We study the Goppa construction of linear codes from algebraic curves as a morphism of moduli stacks. For integers $g,n,d$ with $n>d>2g-2$ and $k:=1-g+d$, let $\mathfrak{LS}_{g,n,d}$ be the stack of rank-one level structures $(X,p_1,\dots,p_n,L,\gamma_1,\dots,\gamma_n)$, where $X$ is a smooth genus-$g$ curve with $n$ marked points, $L$ a degree-$d$ line bundle, and $\gamma_i$ a trivialization of $L$ at $p_i$. We construct the Goppa morphism $\operatorname{Goppa}_{g,n,d}:\mathfrak{LS}_{g,n,d}\to\operatorname{Gr}(k,n)$.
We prove that, if $n>d>2g-1$, the extended morphism $\Phi_{g,n,d}:\mathfrak{LS}_{g,n,d}\to\operatorname{Gr}(k,n)\times\mathfrak{M}_{g,n}$ is an immersion of stacks, and that $\operatorname{Goppa}_{g,n,d}$ is universally injective if $n/2>d>2g+1$.
If $n>d>2g+1$, we identify the fiber over a non-degenerate code $C$ with the moduli stack of $n$-pointed smooth genus-$g$ curves of degree $d$ in $\mathbb{P}_C$ whose marked points lie at the distinguished points determined by the coordinate projections of $C$, recovering the classical incidence problem of curves of fixed degree and genus through assigned points. For a fixed $n$-pointed curve $(X,D)$, $D=p_1+\dots+p_n$, with $n=2(1-g+d)$, we show that the self-dual level structures form the fixed-point subscheme of a natural involution on $\mathfrak{LS}_{X,D,d}$, isomorphic to the $2$-torsion subscheme of $\mathfrak{LS}_{X,D,0}$ whenever it has a $\mathbb{K}$-rational point.

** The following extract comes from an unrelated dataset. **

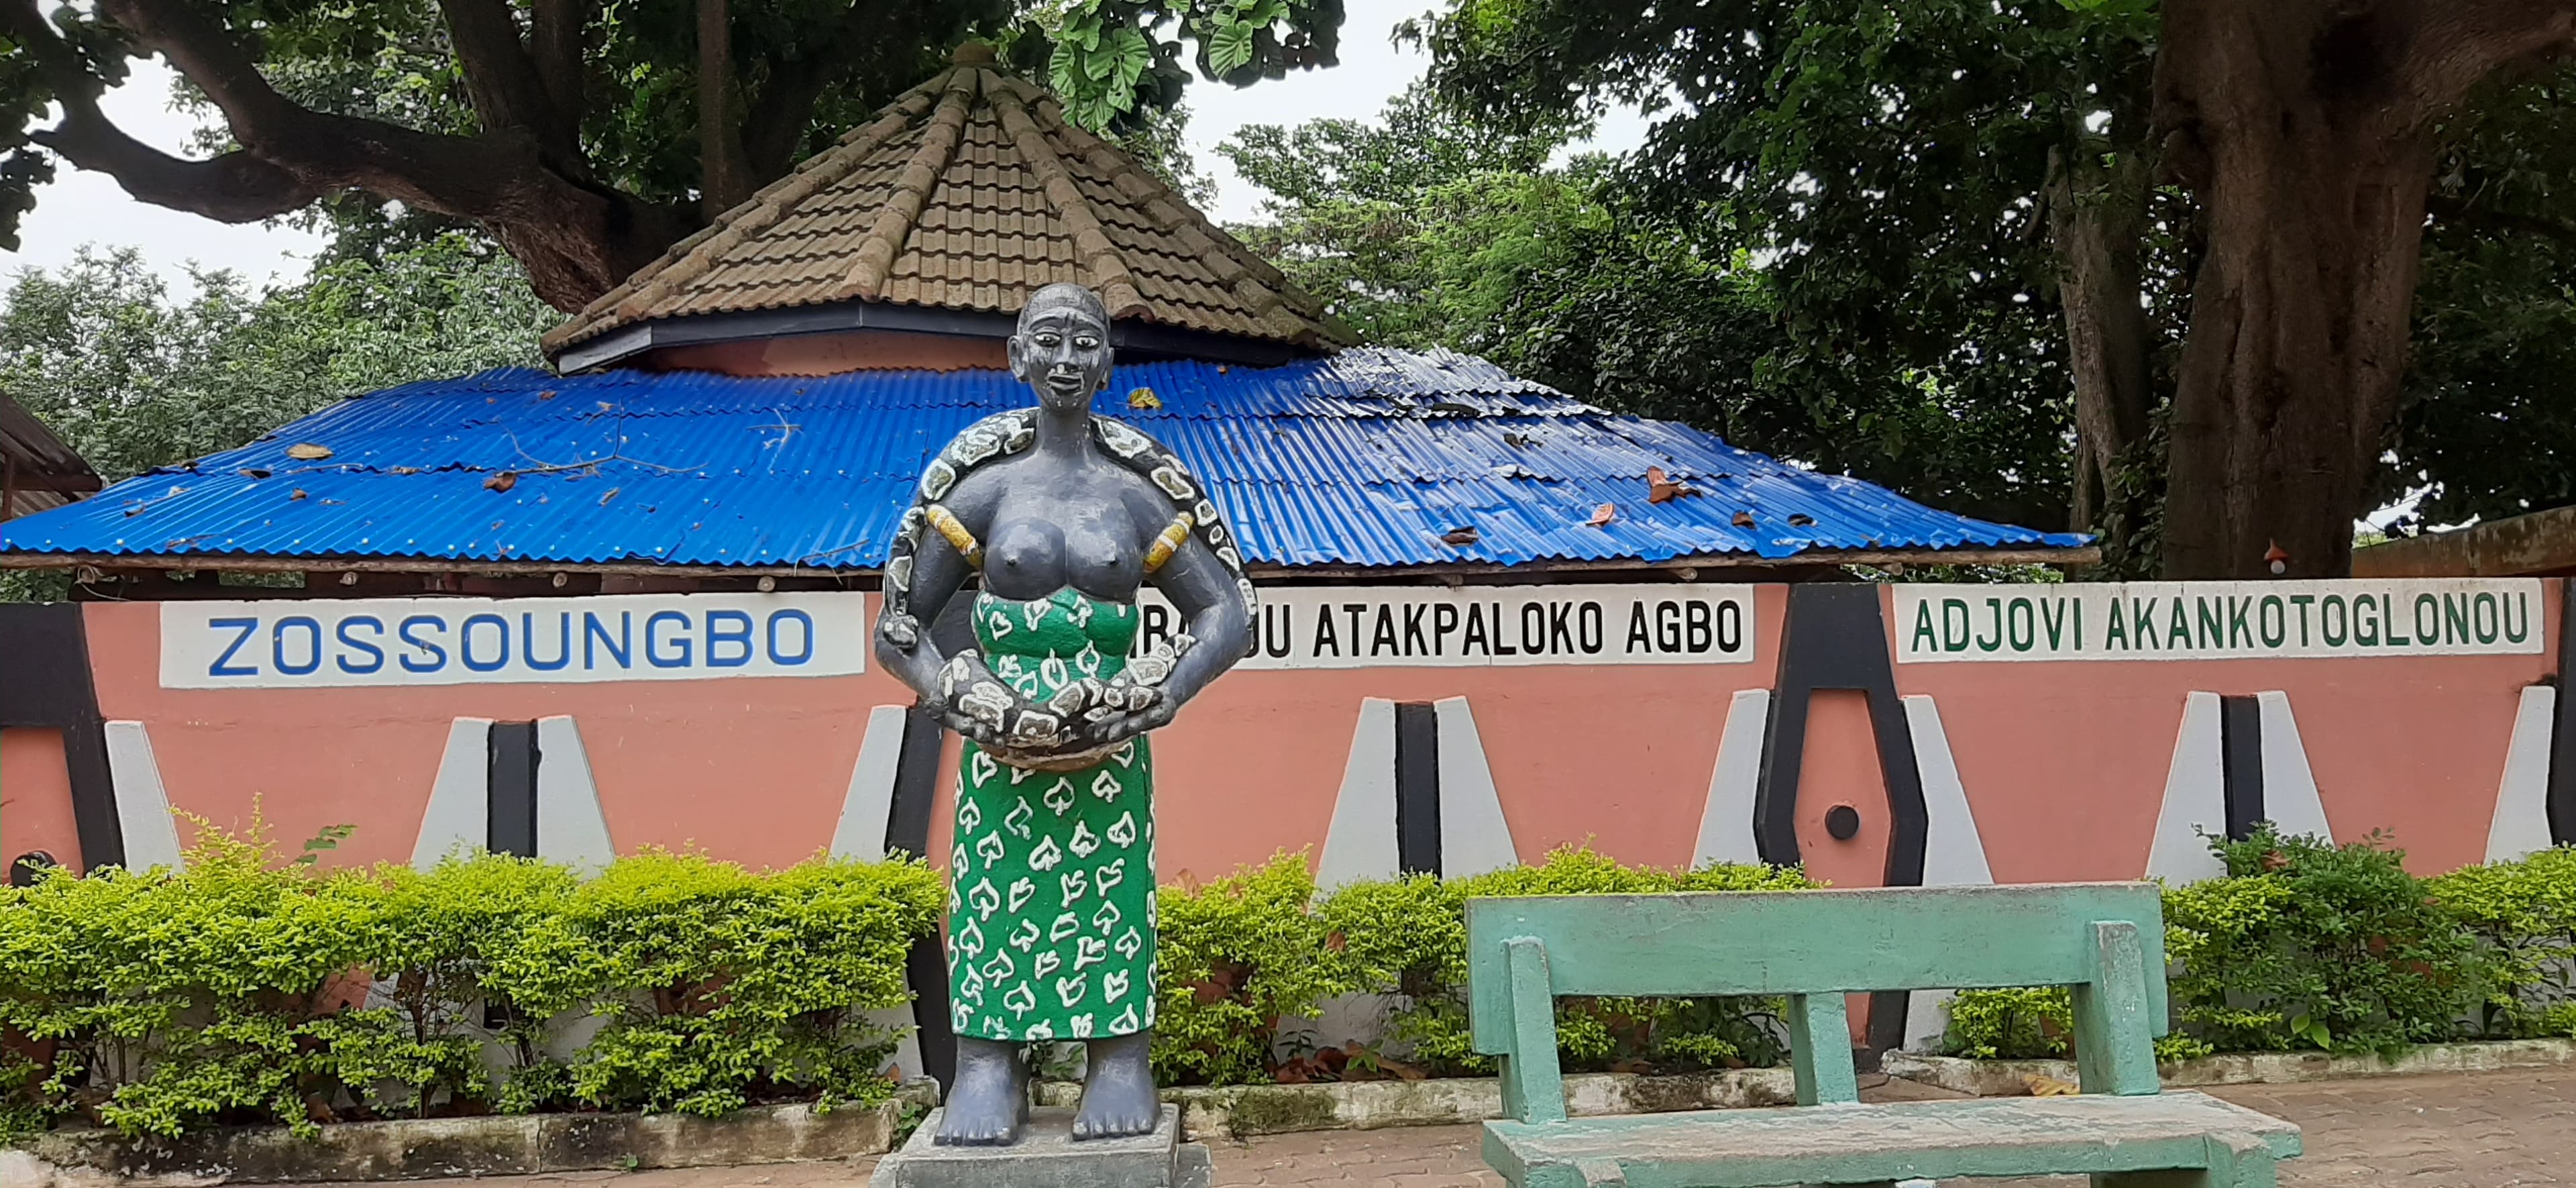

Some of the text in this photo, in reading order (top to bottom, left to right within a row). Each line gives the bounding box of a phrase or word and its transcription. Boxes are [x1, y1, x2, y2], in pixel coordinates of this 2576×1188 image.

In genus zero we identify $\mathfrak{LS}_{0,n,d}$ with $\mathbb{G}_m^{n-1}\times\mathfrak{M}_{0,n}$ and prove that, for $2\leq d\leq n-3$, the morphism $\operatorname{Goppa}_{0,n,d}$ is an immersion. Its restriction to each $\lambda\in\mathbb{G}_m^{n-1}$ is then a map $\mathfrak{M}_{0,n}\hookrightarrow\operatorname{Gr}(k,n)$, giving a canonical $\mathbb{G}_m^{n-1}$-family of immersions of $\mathfrak{M}_{0,n}$ into the Grassmannian.